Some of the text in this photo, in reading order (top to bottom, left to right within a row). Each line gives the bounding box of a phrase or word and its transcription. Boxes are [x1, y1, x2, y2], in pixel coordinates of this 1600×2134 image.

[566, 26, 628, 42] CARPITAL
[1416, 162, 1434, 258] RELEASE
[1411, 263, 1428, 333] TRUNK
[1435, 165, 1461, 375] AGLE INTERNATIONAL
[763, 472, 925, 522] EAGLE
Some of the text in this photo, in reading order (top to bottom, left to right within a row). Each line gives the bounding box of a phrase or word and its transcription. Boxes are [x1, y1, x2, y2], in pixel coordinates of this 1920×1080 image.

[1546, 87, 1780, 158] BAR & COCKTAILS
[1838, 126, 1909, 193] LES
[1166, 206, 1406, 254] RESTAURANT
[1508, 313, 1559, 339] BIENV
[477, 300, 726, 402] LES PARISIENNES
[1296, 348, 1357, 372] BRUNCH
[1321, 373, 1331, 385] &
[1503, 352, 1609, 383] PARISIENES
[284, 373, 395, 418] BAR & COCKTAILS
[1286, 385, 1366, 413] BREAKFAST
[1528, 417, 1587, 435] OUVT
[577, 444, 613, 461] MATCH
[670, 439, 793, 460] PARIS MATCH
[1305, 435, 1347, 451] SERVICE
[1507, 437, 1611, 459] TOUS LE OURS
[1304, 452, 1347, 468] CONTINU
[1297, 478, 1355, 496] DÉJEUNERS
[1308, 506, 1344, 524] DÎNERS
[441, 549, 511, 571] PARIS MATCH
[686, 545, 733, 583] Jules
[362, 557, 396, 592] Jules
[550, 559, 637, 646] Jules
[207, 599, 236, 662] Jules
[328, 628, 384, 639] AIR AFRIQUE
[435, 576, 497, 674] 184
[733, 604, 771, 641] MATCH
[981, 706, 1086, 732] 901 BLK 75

========

Exercise goal:
Repeat exactly, and only, the lines of the records above, starting with the line that contains "this 1920×1080 image." and ending with the final line, both included.

Exercise answer:
Some of the text in this photo, in reading order (top to bottom, left to right within a row). Each line gives the bounding box of a phrase or word and its transcription. Boxes are [x1, y1, x2, y2], in pixel coordinates of this 1920×1080 image.

[1546, 87, 1780, 158] BAR & COCKTAILS
[1838, 126, 1909, 193] LES
[1166, 206, 1406, 254] RESTAURANT
[1508, 313, 1559, 339] BIENV
[477, 300, 726, 402] LES PARISIENNES
[1296, 348, 1357, 372] BRUNCH
[1321, 373, 1331, 385] &
[1503, 352, 1609, 383] PARISIENES
[284, 373, 395, 418] BAR & COCKTAILS
[1286, 385, 1366, 413] BREAKFAST
[1528, 417, 1587, 435] OUVT
[577, 444, 613, 461] MATCH
[670, 439, 793, 460] PARIS MATCH
[1305, 435, 1347, 451] SERVICE
[1507, 437, 1611, 459] TOUS LE OURS
[1304, 452, 1347, 468] CONTINU
[1297, 478, 1355, 496] DÉJEUNERS
[1308, 506, 1344, 524] DÎNERS
[441, 549, 511, 571] PARIS MATCH
[686, 545, 733, 583] Jules
[362, 557, 396, 592] Jules
[550, 559, 637, 646] Jules
[207, 599, 236, 662] Jules
[328, 628, 384, 639] AIR AFRIQUE
[435, 576, 497, 674] 184
[733, 604, 771, 641] MATCH
[981, 706, 1086, 732] 901 BLK 75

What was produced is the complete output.